The Visiting professor program is designed to permit full interaction between the visiting professor and the residents. It is anticipated that the resident will submit at least one paper for presentation at the annual meeting of the American Society of Colon and Rectal Surgeons or a similar prestigious national or international meeting. The residents are expected to present at the South Florida Chapter of the American College of Surgeons meeting in May. Each resident is also encouraged to submit work done at CCF for presentation in their own geographic area.
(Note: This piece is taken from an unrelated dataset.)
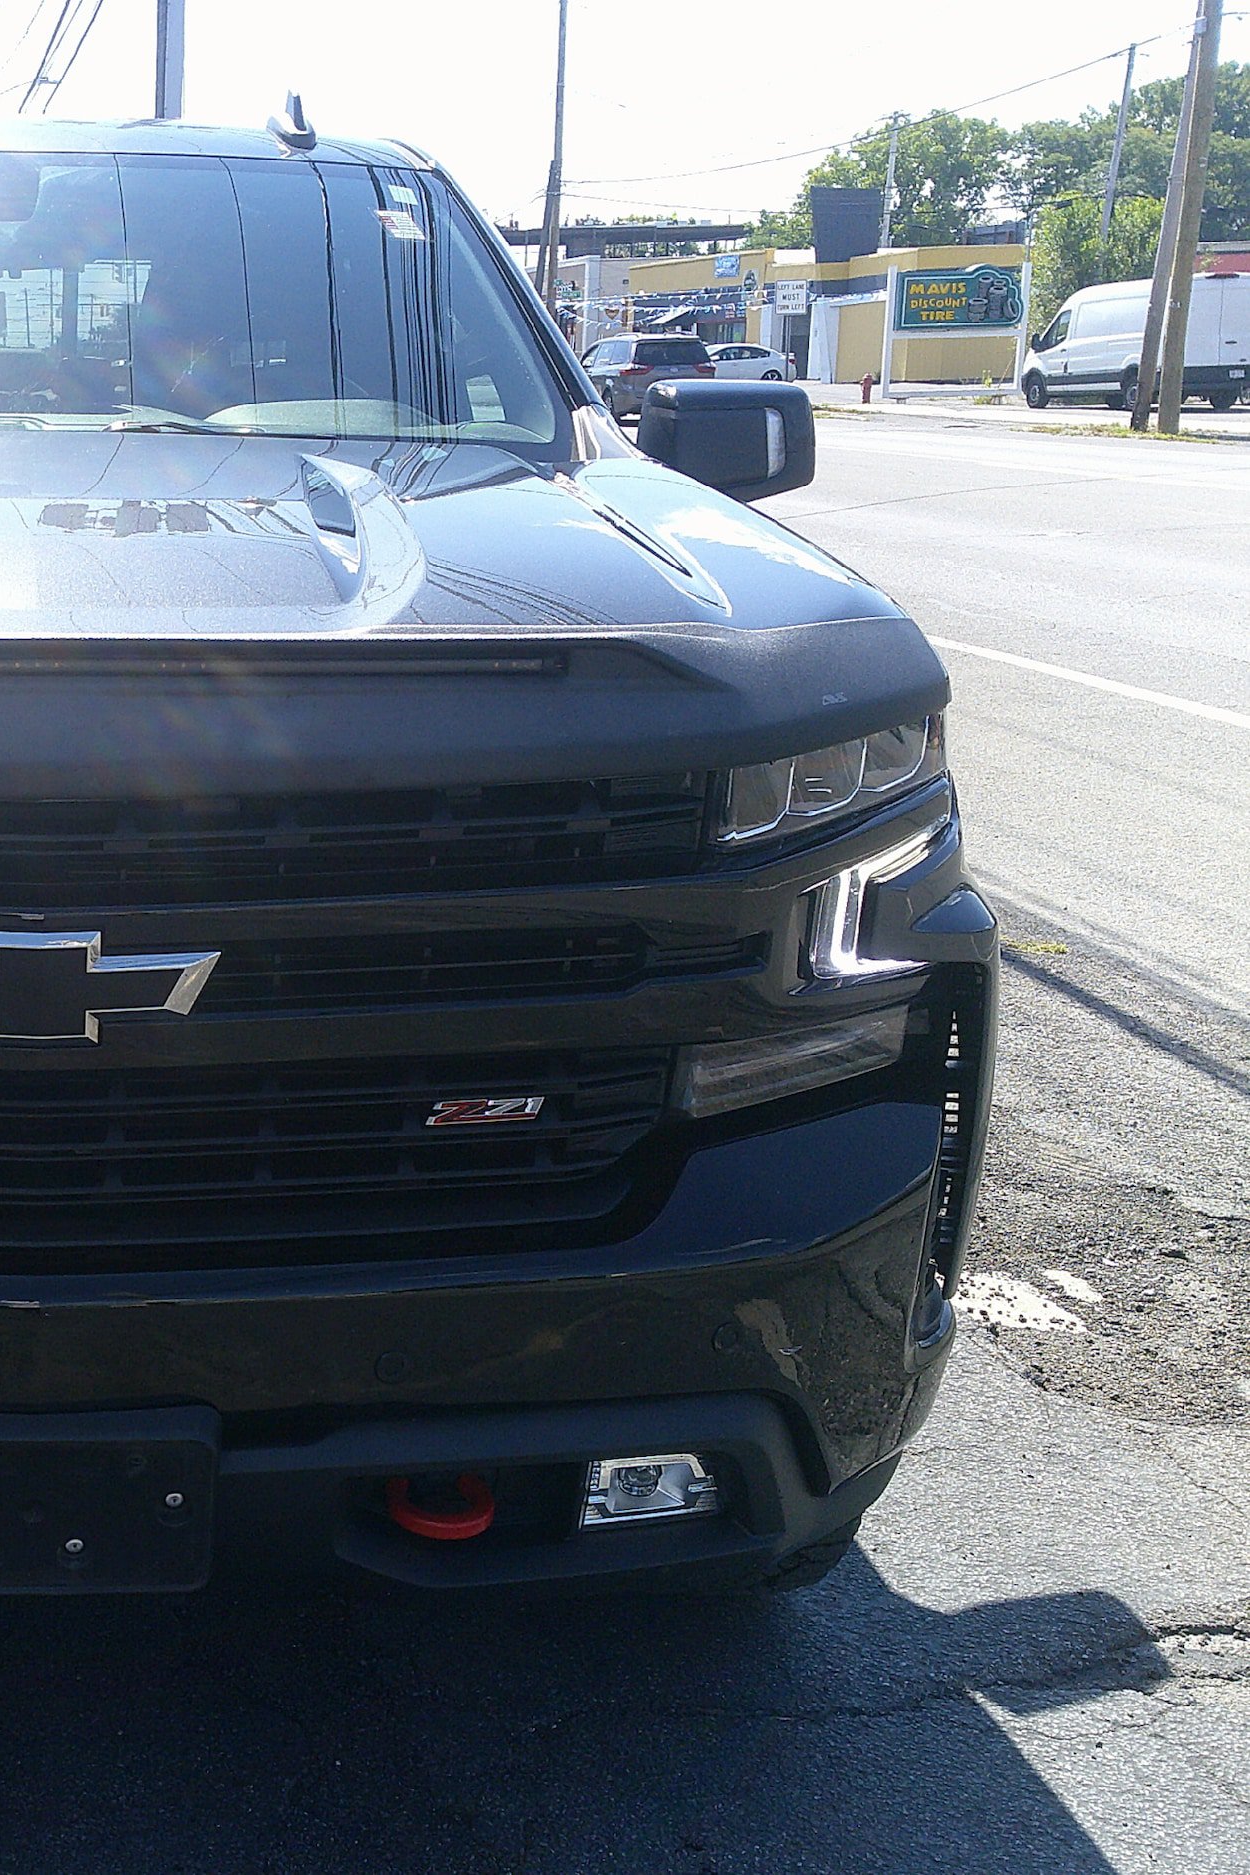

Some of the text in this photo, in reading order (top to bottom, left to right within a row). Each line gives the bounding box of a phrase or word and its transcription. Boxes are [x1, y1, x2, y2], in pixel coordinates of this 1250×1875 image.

Basically, the Visiting researcher year can be tapered to suit one’s needs. Eligible Visiting Researchers may choose to apply for the clinical residency either at CC Florida or elsewhere, and others may wish to participate only in the Visiting research year. Quite a number of non-physiology research projects are currently underway. Other areas of special interest may be addressed. Past Visiting researchers have found the environment to be most stimulating and rewarding.
Interested candidates should write to Graduate Medical Education for additional information and application forms. After acceptance to the position, contingent upon external funding, the Cleveland Clinic Educational Foundation will assist in providing the necessary forms to obtain the appropriate visa.
Due to the large number of applications received for these few positions, the appointments are made based upon how promptly the application process is completed. Also, due to the amount of paperwork required, it is not uncommon to begin the application process one year to eighteen months prior to the anticipated start date. Delay in completion of the application process, including written confirmation of funding, may result in a later starting date.